**Instructions to follow:** Verbatim transcription with images omitted: return the entries below in full.

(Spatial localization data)
* * * *

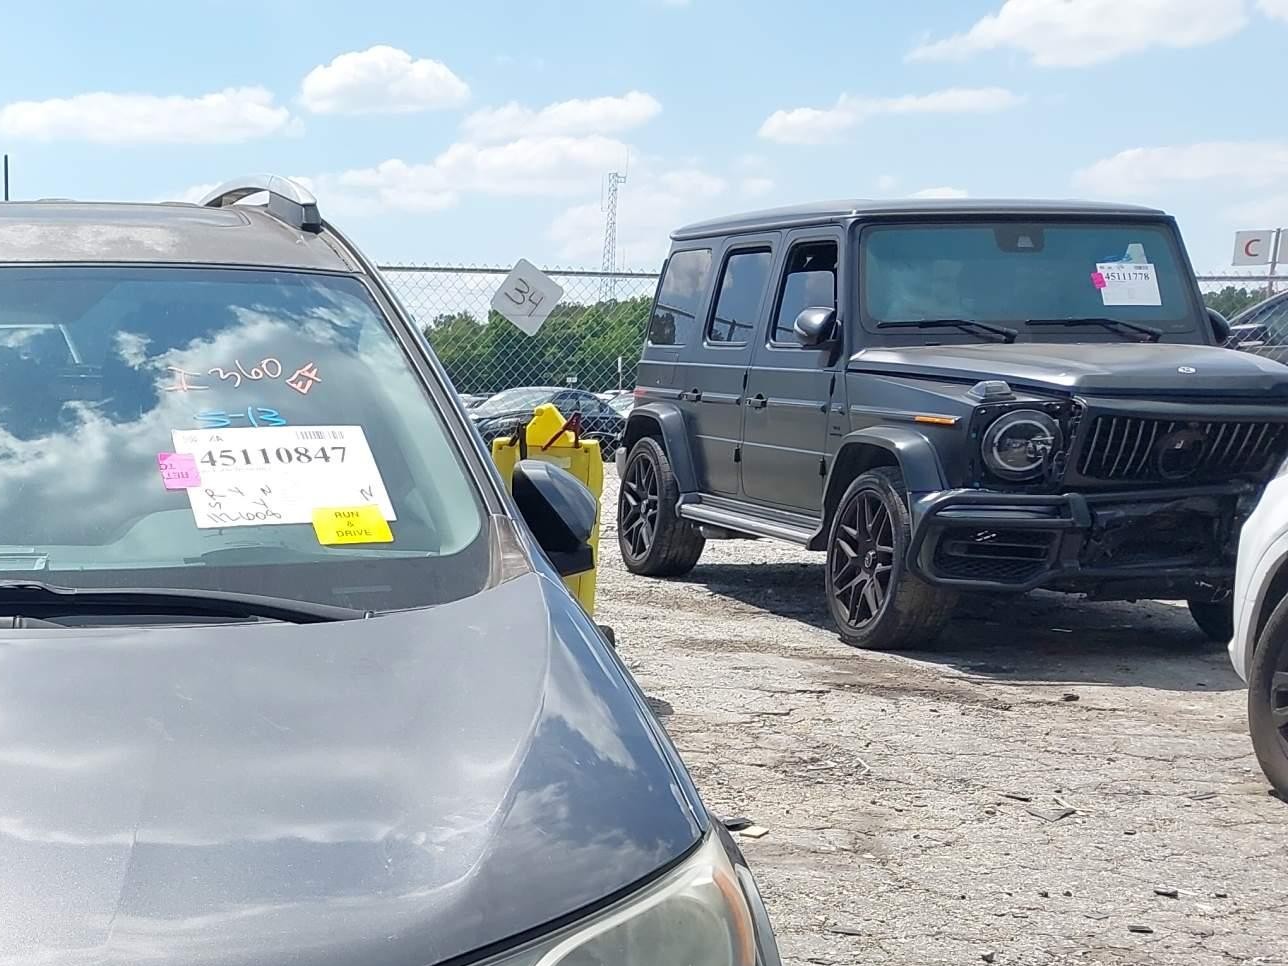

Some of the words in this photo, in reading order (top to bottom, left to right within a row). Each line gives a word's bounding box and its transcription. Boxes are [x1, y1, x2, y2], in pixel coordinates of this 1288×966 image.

[1244, 239, 1261, 257] C
[1104, 272, 1150, 281] 45111778
[504, 278, 544, 317] 34
[208, 358, 282, 389] 360
[200, 446, 347, 466] 45110847
[334, 511, 360, 519] RUN
[336, 529, 373, 538] DRIVE
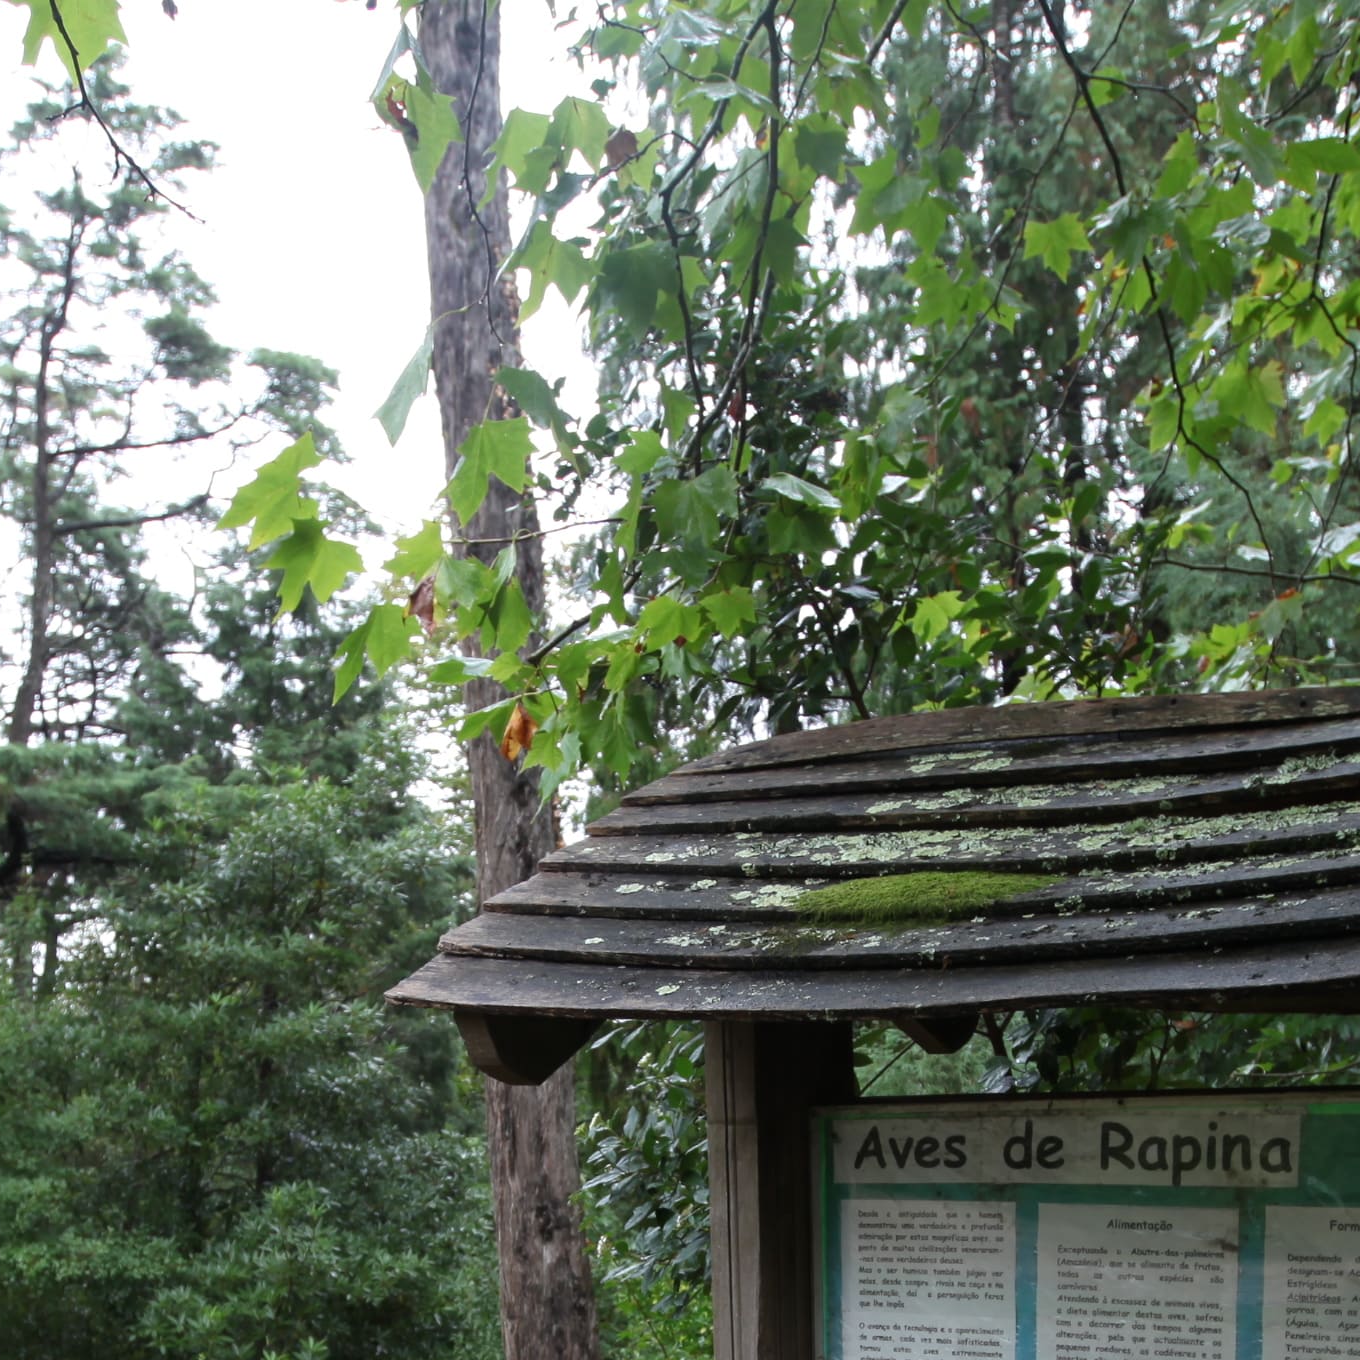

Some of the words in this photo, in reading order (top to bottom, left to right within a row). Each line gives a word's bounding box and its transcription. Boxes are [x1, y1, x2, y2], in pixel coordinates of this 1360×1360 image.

* * * *

**Written solution:**
Some of the words in this photo, in reading order (top to bottom, left to right within a row). Each line gives a word's bounding box and its transcription. Boxes are [x1, y1, x2, y2], in pixel coordinates of this 1288×966 image.

[1244, 239, 1261, 257] C
[1104, 272, 1150, 281] 45111778
[504, 278, 544, 317] 34
[208, 358, 282, 389] 360
[200, 446, 347, 466] 45110847
[334, 511, 360, 519] RUN
[336, 529, 373, 538] DRIVE

Some of the words in this photo, in reading order (top to bottom, left to right within a row). Each line gives a word's bounding box and its transcription. Boxes are [x1, y1, x2, y2], in pixel coordinates of this 1360×1360 image.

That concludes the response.